American medicine was publicly flogged recently because life expectancy in our country falls below that of most wealthy nations. This is totally unfair. I don't think we should blame the medical industry for our lifespan. Medicine in the United States is doing everything in its power to fight death. Heck, we spend twice as much per person on medical care than any other country.

By Darrel Crain, D.C.

Long may you live!

American medicine was publicly flogged recently because life expectancy in our country falls below that of most wealthy nations. This is totally unfair. “The wise man lives as long as he ought, not so long as he can,” according to Montaigne, and he was French! The French, of course, rank above everyone except the Japanese and the Australians for life expectancy. Anyway, I don’t think we should blame the medical industry for our lifespan. Medicine in the United States is doing everything in its power to fight death. Heck, we spend twice as much per person on medical care than any other country. Take that, Japan!

Here in America we have a solid tradition of treating old age as a disease and recognizing death as the ultimate enemy. “We can! We must! We will fight death, to the uh, to the death!” Isn’t it amazing that roughly 80 percent of the money spent on all medical care occurs in the last few weeks of life?

“Congratulations Mrs. Jones, your 87-year-old husband has a new heart, one new lung and a couple of new kidneys. The procedure was difficult but 100 percent successful. We did a great job!”

“But my husband died!”

“Yeah, we’re truly sorry about that, we did everything we could think of. Anyway, that’ll be $178,542 please. Will that be cash, check or charge?”

Art Linkletter said, “The four stages of life are infancy, childhood, adolescence and obsolescence.” He was joking, of course, but people who believe old age means feebleness and disability will likely end up that way. If good health and long life are our goals, we might be wise to study people who live long, healthy lives.

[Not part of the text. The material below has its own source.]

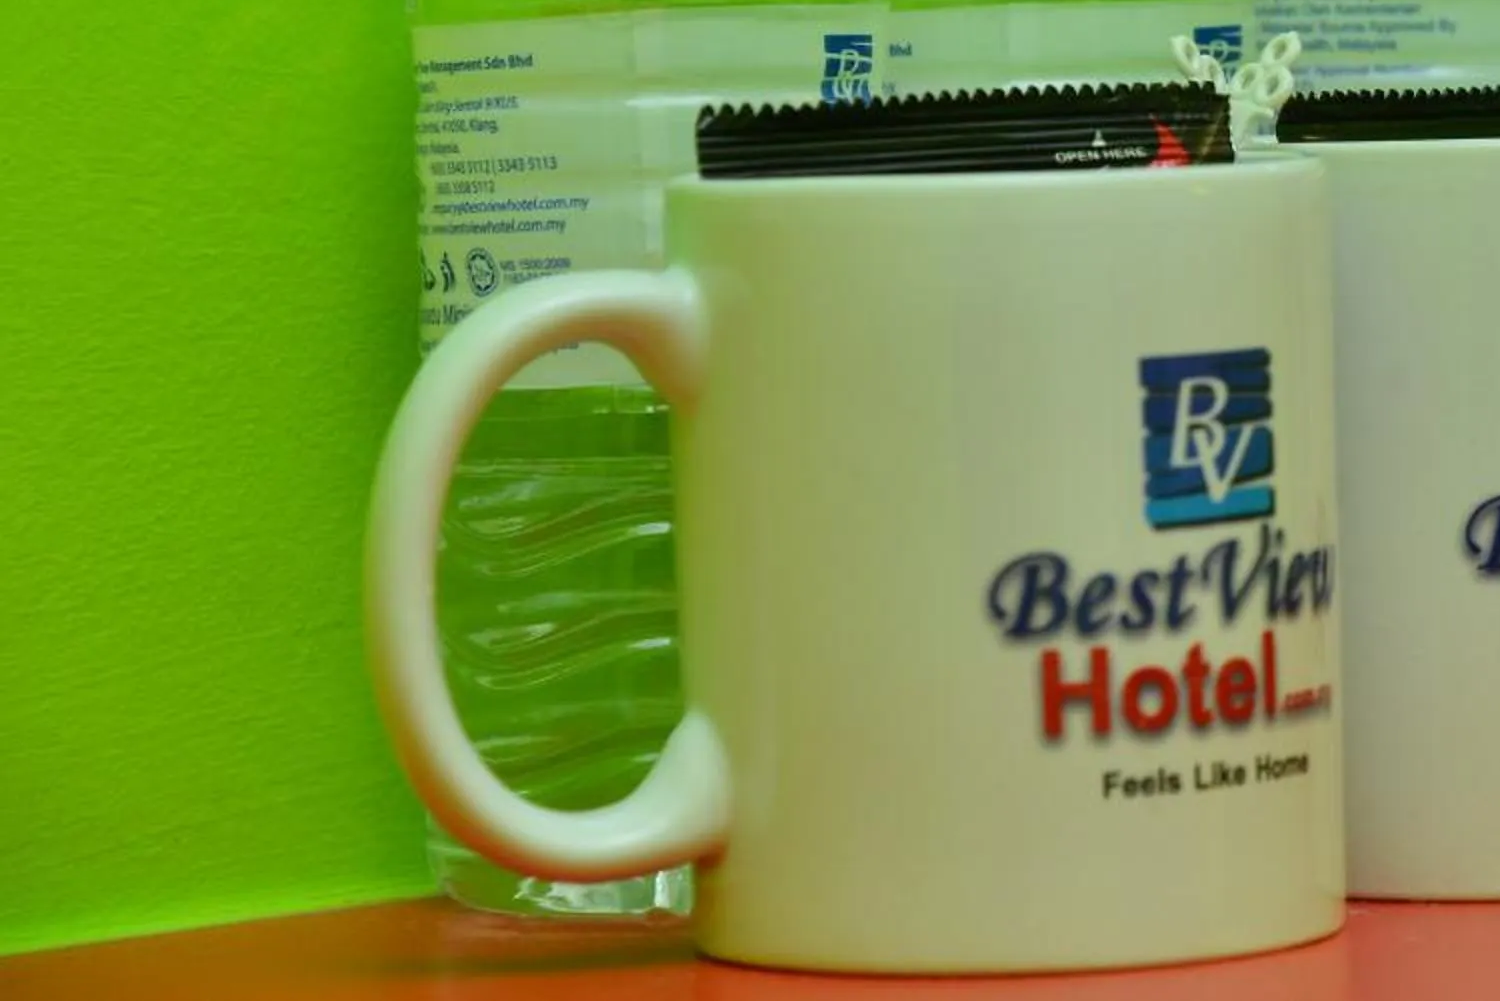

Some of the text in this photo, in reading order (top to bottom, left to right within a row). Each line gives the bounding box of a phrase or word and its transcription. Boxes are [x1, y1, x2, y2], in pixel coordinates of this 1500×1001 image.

[1055, 146, 1149, 164] OPEN HERE
[1103, 752, 1309, 798] Feels Like Home

“The man who has lived the longest is not he who has spent the greatest number of years, but he who has had the greatest sensibility of life,” according to Rousseau. At times, the world is enriched with an individual who achieves both a long life and great sensibility. I was nine when just such a man moved in next door, Grandpa Bert.

Starting at a young age, Bert climbed the ladder of success one rung at a time, rising from office boy to become vice president of a farm implement company in St. Paul, Minnesota. Then the depression hit and he lost everything. The resilient optimist that he was, Bert declared, “We might starve, but we won’t freeze!” and he and Grandma Isabel moved the family west to California.

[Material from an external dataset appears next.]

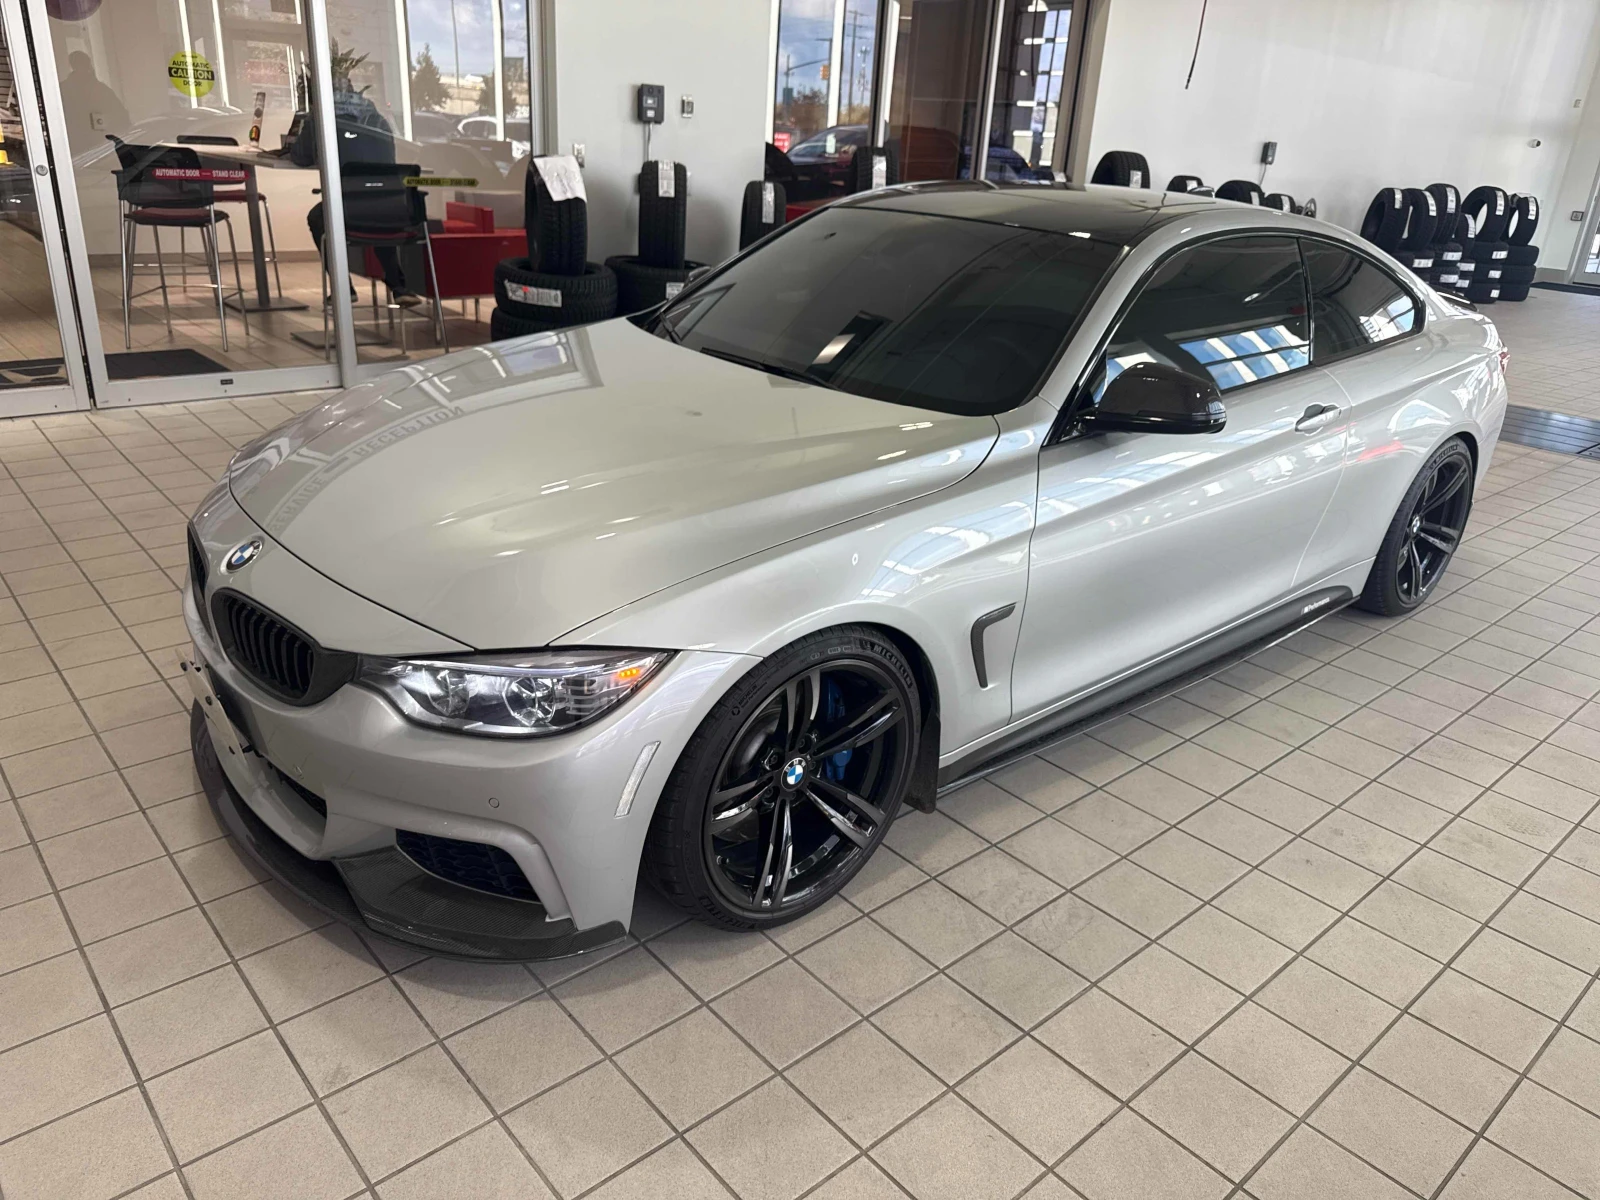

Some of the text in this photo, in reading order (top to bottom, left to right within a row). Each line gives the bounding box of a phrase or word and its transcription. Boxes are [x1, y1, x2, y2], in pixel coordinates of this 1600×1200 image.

Bert joked and laughed right up to the last day of his 99 years. “It’s a terrible thing getting old, but it beats the alternative!” That was the closest thing to a complaint Bert ever uttered about growing old. Ask how he was doing and he would tell you, “I’ve still got all my marbles, but they may be rattling around a bit in there!”

Of course, Bert’s excellent health during his long life did not necessarily stem from ten decades of strictly eating only health foods. He explained to me when I was ten how to balance your meals, “Hold a hot dog in one hand and a glass of root beer in the other.” Significantly though, he loved describing what he ate in his early years: farm-fresh food free of antibiotics, hormones, pesticides and herbicides.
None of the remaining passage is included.